What is required.
Copy the records below exactly as they stand. Leave out the pictures.

^^^^

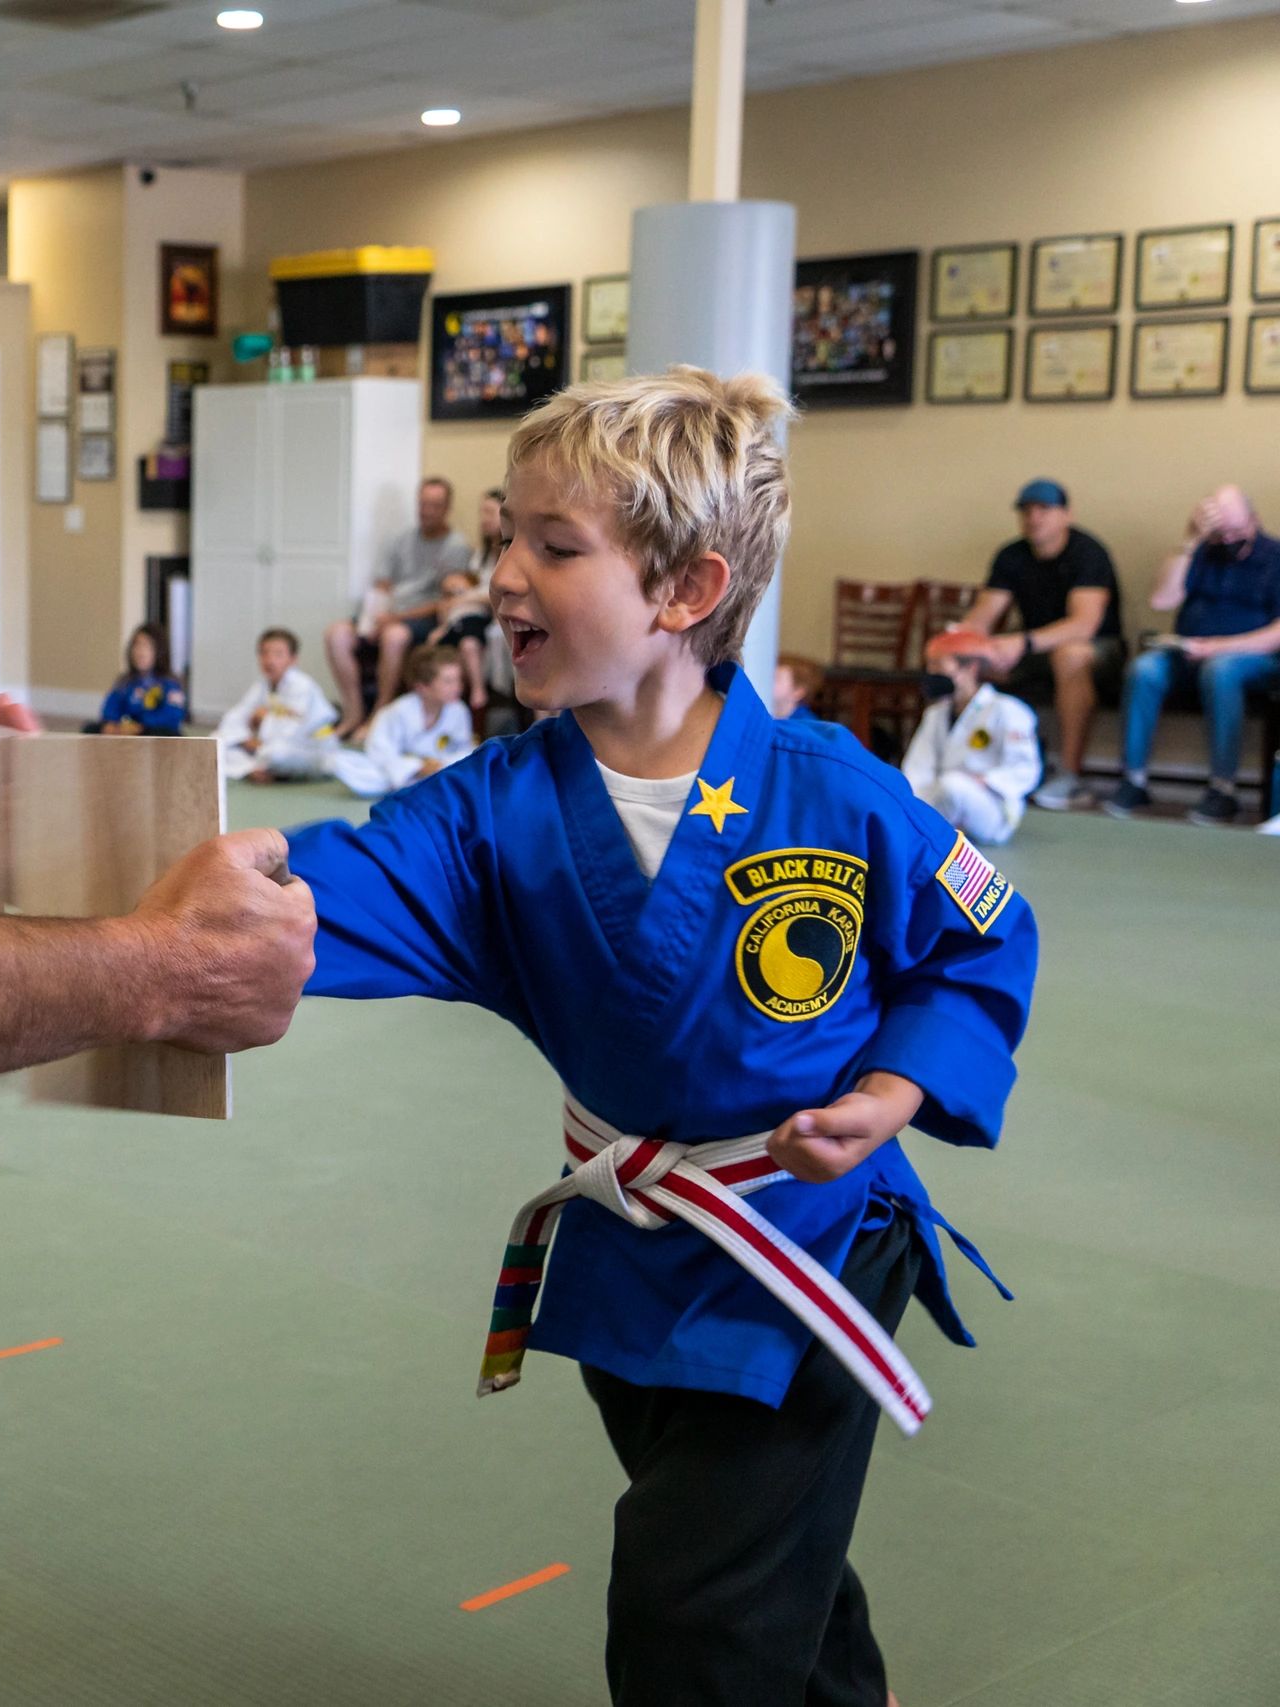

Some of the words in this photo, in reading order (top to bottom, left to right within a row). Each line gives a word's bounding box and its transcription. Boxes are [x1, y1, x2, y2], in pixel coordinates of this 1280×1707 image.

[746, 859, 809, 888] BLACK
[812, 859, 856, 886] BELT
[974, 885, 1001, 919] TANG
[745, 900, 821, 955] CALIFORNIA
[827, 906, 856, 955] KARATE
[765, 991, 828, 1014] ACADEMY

^^^^

Task response.
Some of the words in this photo, in reading order (top to bottom, left to right within a row). Each line gives a word's bounding box and its transcription. Boxes are [x1, y1, x2, y2], in pixel coordinates of this 1280×1707 image.

[746, 859, 809, 888] BLACK
[812, 859, 856, 886] BELT
[974, 885, 1001, 919] TANG
[745, 900, 821, 955] CALIFORNIA
[827, 906, 856, 955] KARATE
[765, 991, 828, 1014] ACADEMY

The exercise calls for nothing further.